Dwight arrivò proprio qualche minuto dopo. Ross non conosceva nessun altro dopo di lui che fosse così diligente. Lo aveva incontrato alle superiori, alle selezioni per la squadra di calcio e dopo una semplice chiacchierata negli spogliatoi erano diventati inseparabili. Quando Ross lo aveva presentato agli amici, era entrato automaticamente nella cricca.

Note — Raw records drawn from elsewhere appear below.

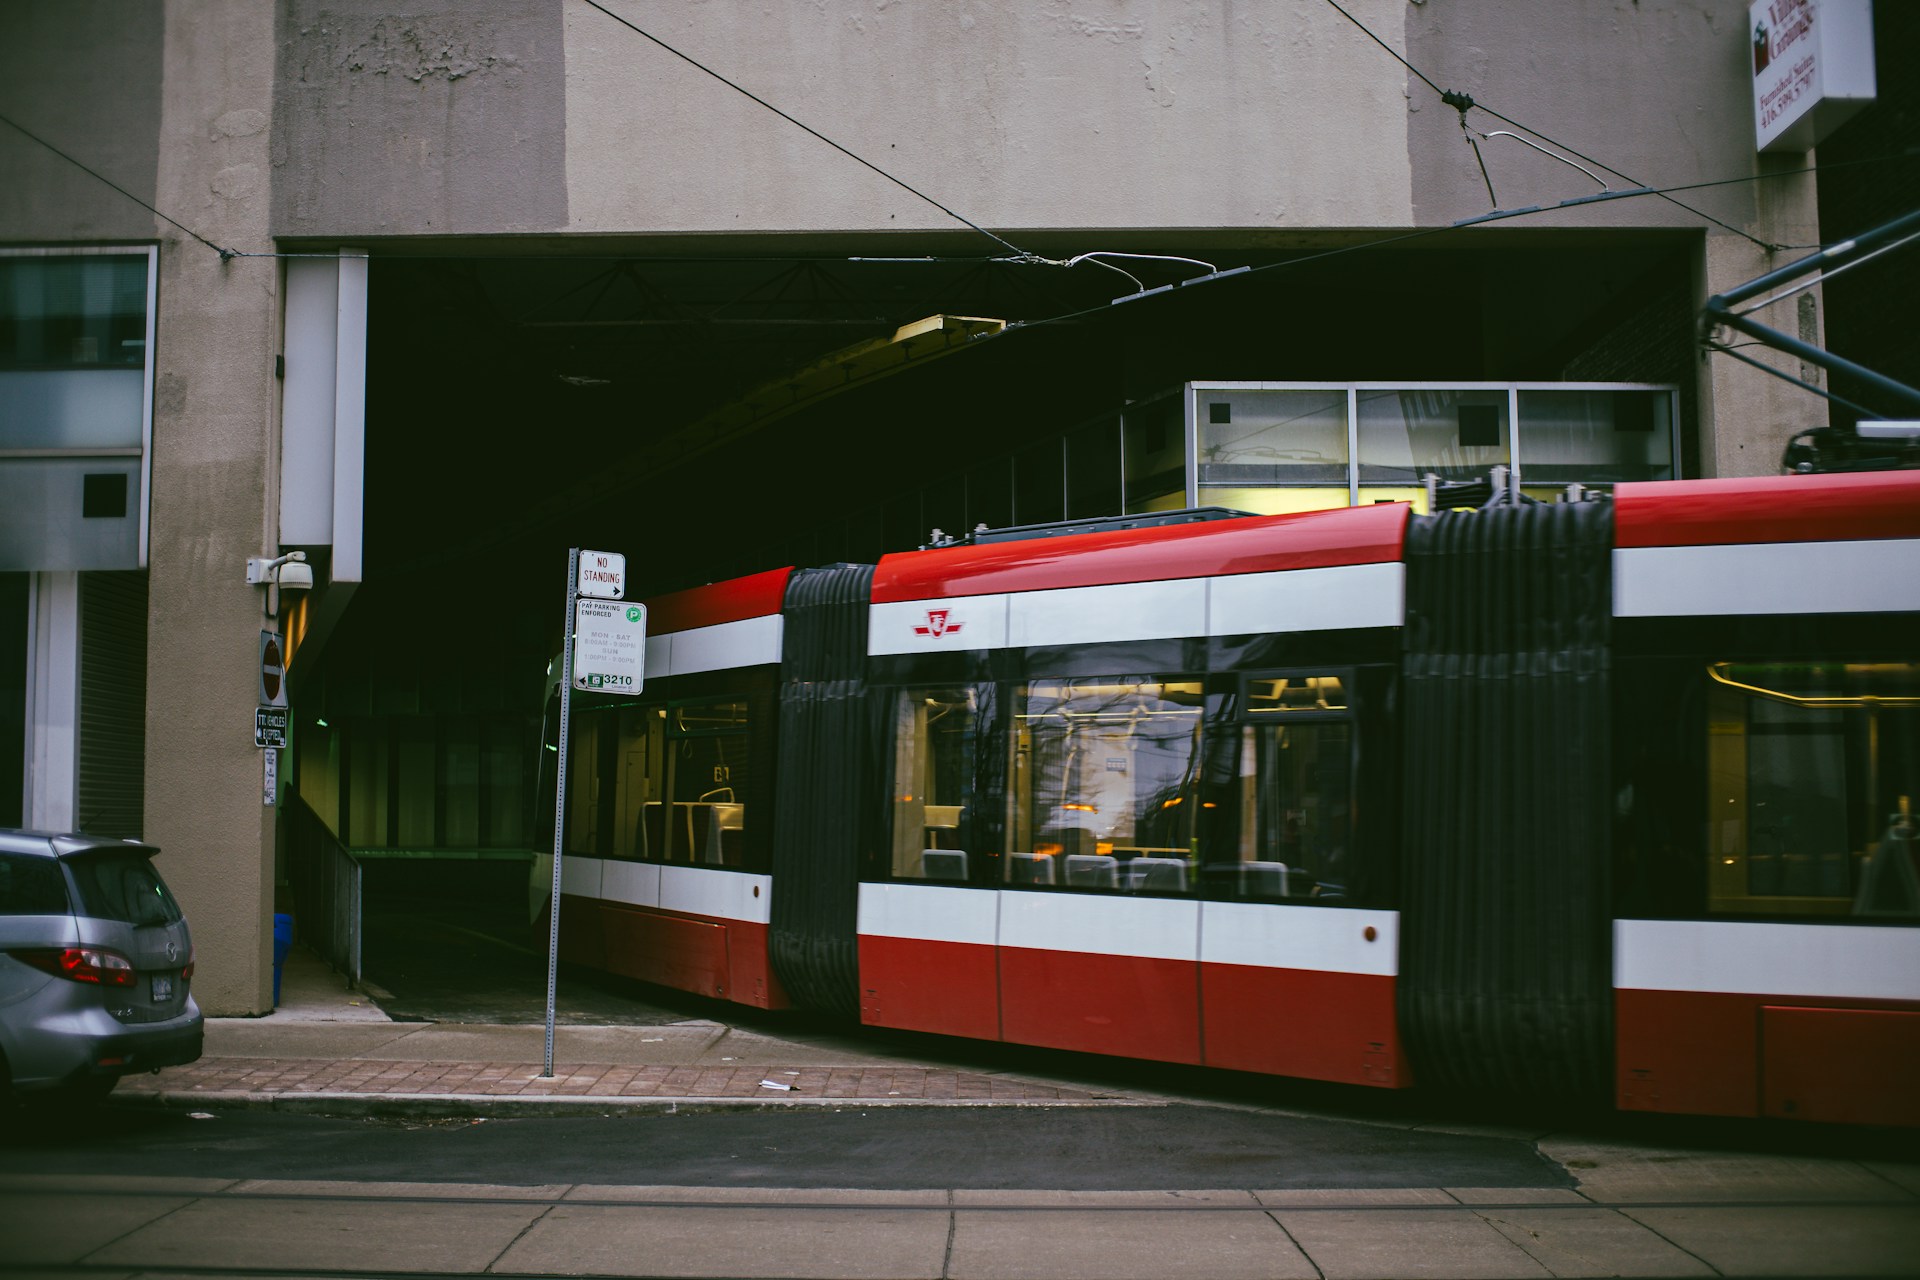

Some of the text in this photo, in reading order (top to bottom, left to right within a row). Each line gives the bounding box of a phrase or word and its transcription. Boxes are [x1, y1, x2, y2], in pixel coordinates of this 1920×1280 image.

[597, 557, 608, 568] NO
[584, 569, 620, 584] STANDING
[595, 603, 621, 612] PARKING
[581, 609, 612, 618] ENFORCED
[591, 631, 609, 639] MON
[616, 633, 631, 641] SAT
[602, 647, 619, 655] SUN
[604, 674, 633, 686] 3210

Era di un anno più piccolo di lui, biondo e con occhi chiari come quelli di George, ma a differenza sua era timido e gentile e sempre con un sorriso radioso stampato in volto. Ross lo trovava un bravo calciatore, ma Dwight sperava soltanto che i risultati sui campi da gioco gli permettessero di ottenere una borsa di studio per università prestigiose in cui avere l'opportunità di studiare medicina.
"Ciao ragazzi!" esclamò, con uno dei suoi soliti sorrisi. Seppur stanco, sembrava stare meglio di lui e George messi insieme. "Come state?"

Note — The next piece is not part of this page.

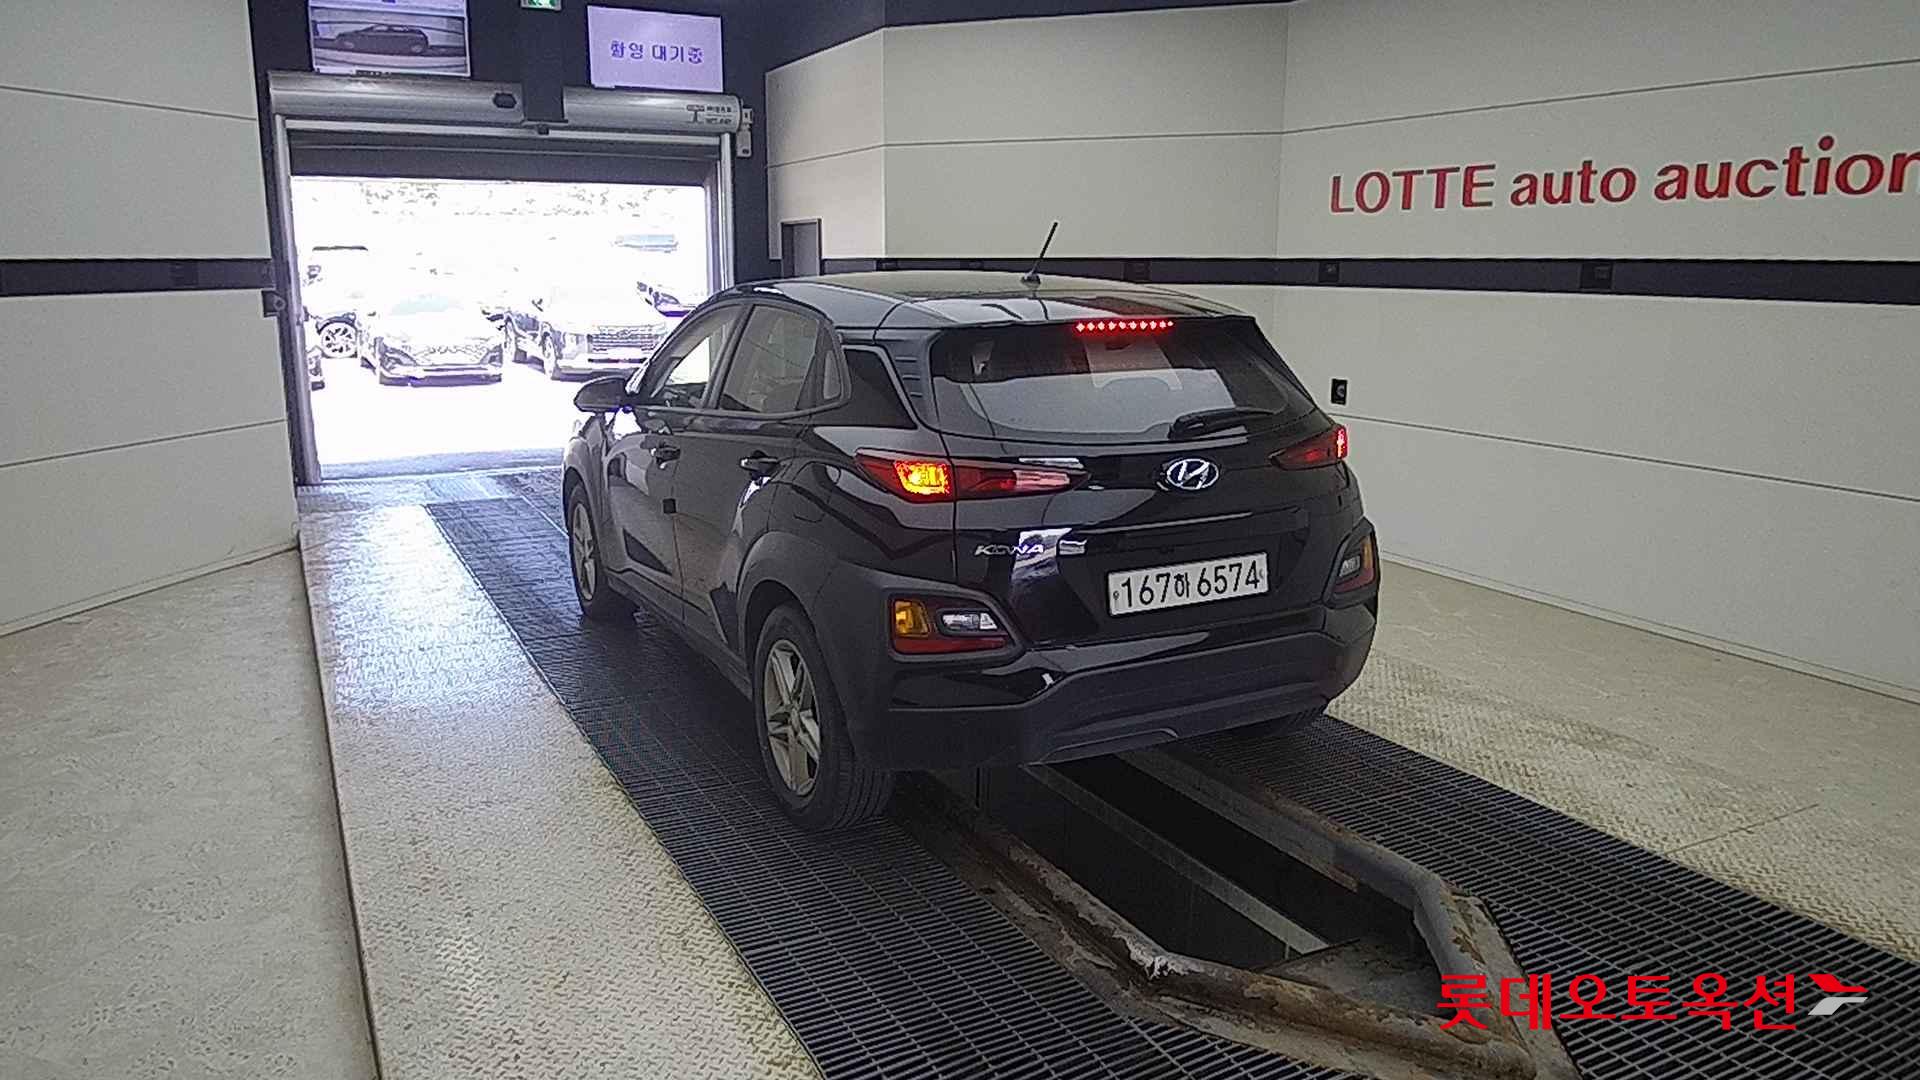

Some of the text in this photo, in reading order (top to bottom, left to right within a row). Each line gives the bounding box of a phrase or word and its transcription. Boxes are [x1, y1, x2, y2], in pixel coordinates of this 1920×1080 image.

[651, 44, 705, 65] 대기중
[1330, 164, 1497, 213] LOTTE
[1510, 159, 1638, 206] auto

"Il ragazzo qui dice che vuole spararsi" fece George, indicando con un dito Ross al suo fianco.
"E lui vuole avere l'onore di premere il grilletto" ridacchiò invece il giovane Poldark dall'altra parte.
Dwight rise a sua volta, ma poi il suo sguardo si fece più serio e preoccupato. Gettò un'occhiata al cortile della scuola.
"Sono già arrivati?" domandò, alludendo evidentemente alla nuova coppietta.
"No" tagliò corto Ross.
"Sembri una spia di un pessimo film di spionaggio" commentò George, rivolgendosi a Dwight. "Comunque, parlando del diavolo..."
Ross non poté credere a quello che vide quella mattina fuori scuola. Non poté credere che Francis fosse così meschino da entrare dal cancello della scuola e camminare mano nella mano con Elizabeth davanti a lui, davanti a tutti! George e Dwight gli lanciavano occhiate nervose, come se temessero che reagisse impulsivamente, ma lui aveva ben altro a cui pensare per accorgersi di entrambi.
Francis non ebbe il coraggio di alzare gli occhi su di lui: erano parenti, ma non avevano niente in comune. I suoi capelli, di un biondo cenere tendente al castano chiaro, si intonavano alla perfezione con gli occhi chiari e bisognava ammettere però che, visivamente, sia lui che Elizabeth, formassero una coppia abbastanza ben assortita.
Elizabeth si trascinava in spalla lo zaino e con un cenno, aveva fatto segno a Francis del suo gruppetto di amici. Probabilmente anche lei era consapevole che lui fosse troppo codardo per parlare direttamente a Ross dei suoi sentimenti per lei.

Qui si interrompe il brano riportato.